Institut de Pharmacologie et de Biologie Structurale, IPBS, Université de Toulouse, CNRS, UPS, 31400 Toulouse, France.
Molecules. 2020 Feb 25;25(5):1030. doi: 10.3390/molecules25051030.
With the advent of structural biology in the drug discovery process, medicinal chemists gained the opportunity to use detailed structural information in order to progress screening hits into leads or drug candidates. X-ray crystallography has proven to be an invaluable tool in this respect, as it is able to provide exquisitely comprehensive structural information about the interaction of a ligand with a pharmacological target.
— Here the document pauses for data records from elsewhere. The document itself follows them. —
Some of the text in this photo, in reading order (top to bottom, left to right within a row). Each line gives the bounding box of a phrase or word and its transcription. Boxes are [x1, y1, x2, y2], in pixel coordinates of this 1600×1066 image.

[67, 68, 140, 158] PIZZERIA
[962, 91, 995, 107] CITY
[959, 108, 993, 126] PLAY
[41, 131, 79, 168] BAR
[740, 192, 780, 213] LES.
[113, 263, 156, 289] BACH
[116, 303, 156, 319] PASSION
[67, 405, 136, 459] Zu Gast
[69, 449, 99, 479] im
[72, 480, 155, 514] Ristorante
As fragment-based drug discovery emerged in the recent years, X-ray crystallography has also become a powerful screening technology, able to provide structural information on complexes involving low-molecular weight compounds, despite weak binding affinities. Given the low numbers of compounds needed in a fragment library, compared to the hundreds of thousand usually present in drug-like compound libraries, it now becomes feasible to screen a whole fragment library using X-ray crystallography, providing a wealth of structural details that will fuel the fragment to drug process. Here, we review theoretical and practical aspects as well as the pros and cons of using X-ray crystallography in the drug discovery process.
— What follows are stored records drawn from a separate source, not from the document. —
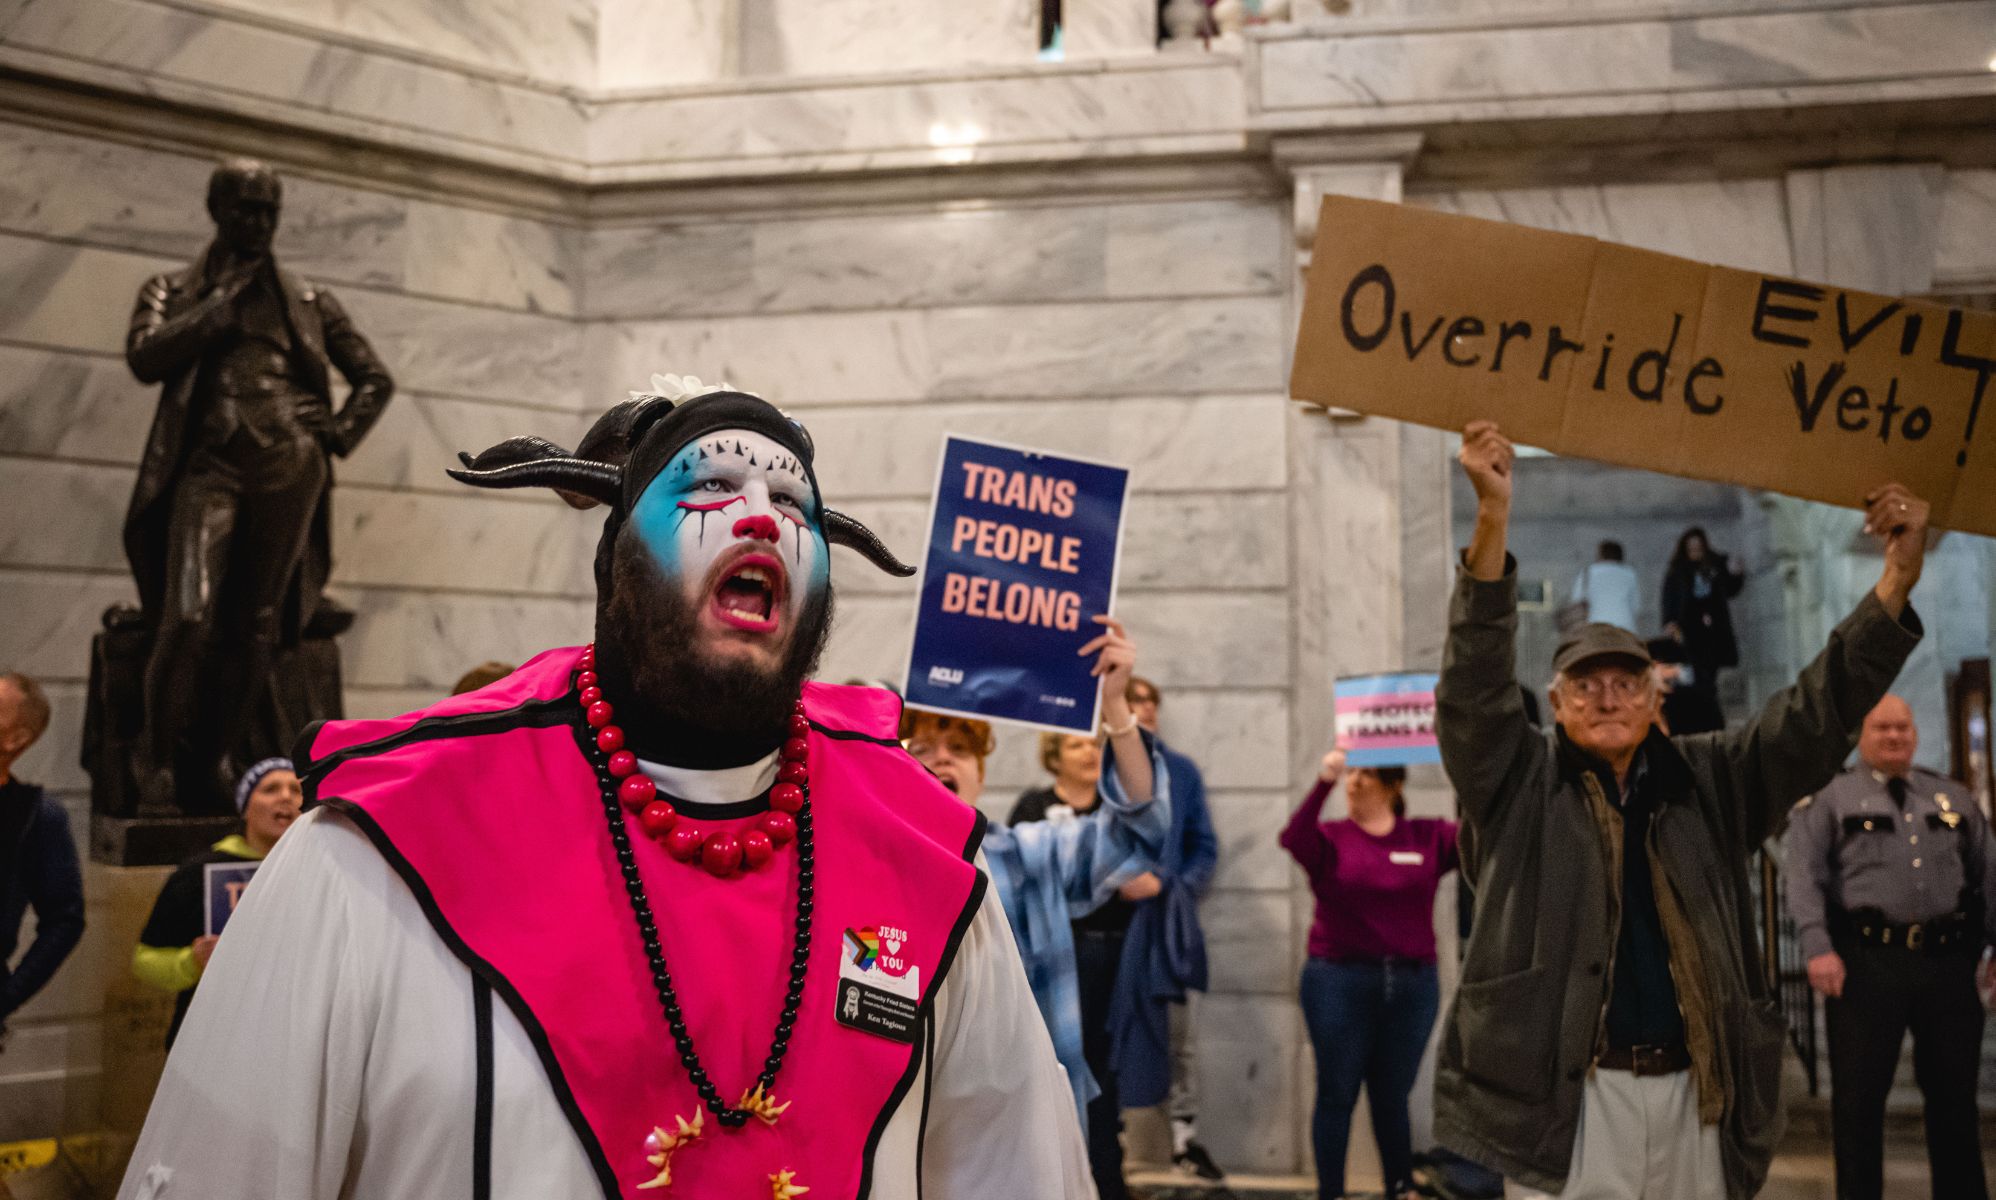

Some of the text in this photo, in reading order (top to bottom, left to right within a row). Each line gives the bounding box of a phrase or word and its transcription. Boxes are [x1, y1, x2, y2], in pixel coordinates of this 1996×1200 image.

[1752, 279, 1996, 373] EVIL
[1340, 264, 1724, 414] Override
[962, 462, 1077, 519] TRANS
[951, 516, 1082, 574] PEOPLE
[941, 572, 1082, 631] BELONG
[1360, 701, 1435, 718] PROTEC
[1348, 723, 1411, 738] TRANS
[878, 926, 908, 942] JESUS
[881, 955, 904, 970] YOU
[864, 991, 886, 1004] Kentucky
[886, 997, 899, 1007] Fried
[867, 1013, 906, 1031] Ken Tagious
随着结构生物学在药物发现过程中的出现,药物化学家有机会利用详细的结构信息将筛选出的化合物推进到先导化合物或候选药物。X 射线晶体学在这方面已被证明是一种非常宝贵的工具,因为它能够提供关于配体与药理学靶标相互作用的极其全面的结构信息。随着近年来基于片段的药物发现的出现,X 射线晶体学也成为一种强大的筛选技术,能够提供涉及低分子量化合物的复合物的结构信息,尽管它们的结合亲和力较弱。鉴于片段文库中所需的化合物数量较少,与通常存在于类药性化合物文库中的数十万相比,现在可以使用 X 射线晶体学筛选整个片段文库,提供丰富的结构细节,为片段到药物的过程提供动力。在这里,我们综述了在药物发现过程中使用 X 射线晶体学的理论和实际方面以及优缺点。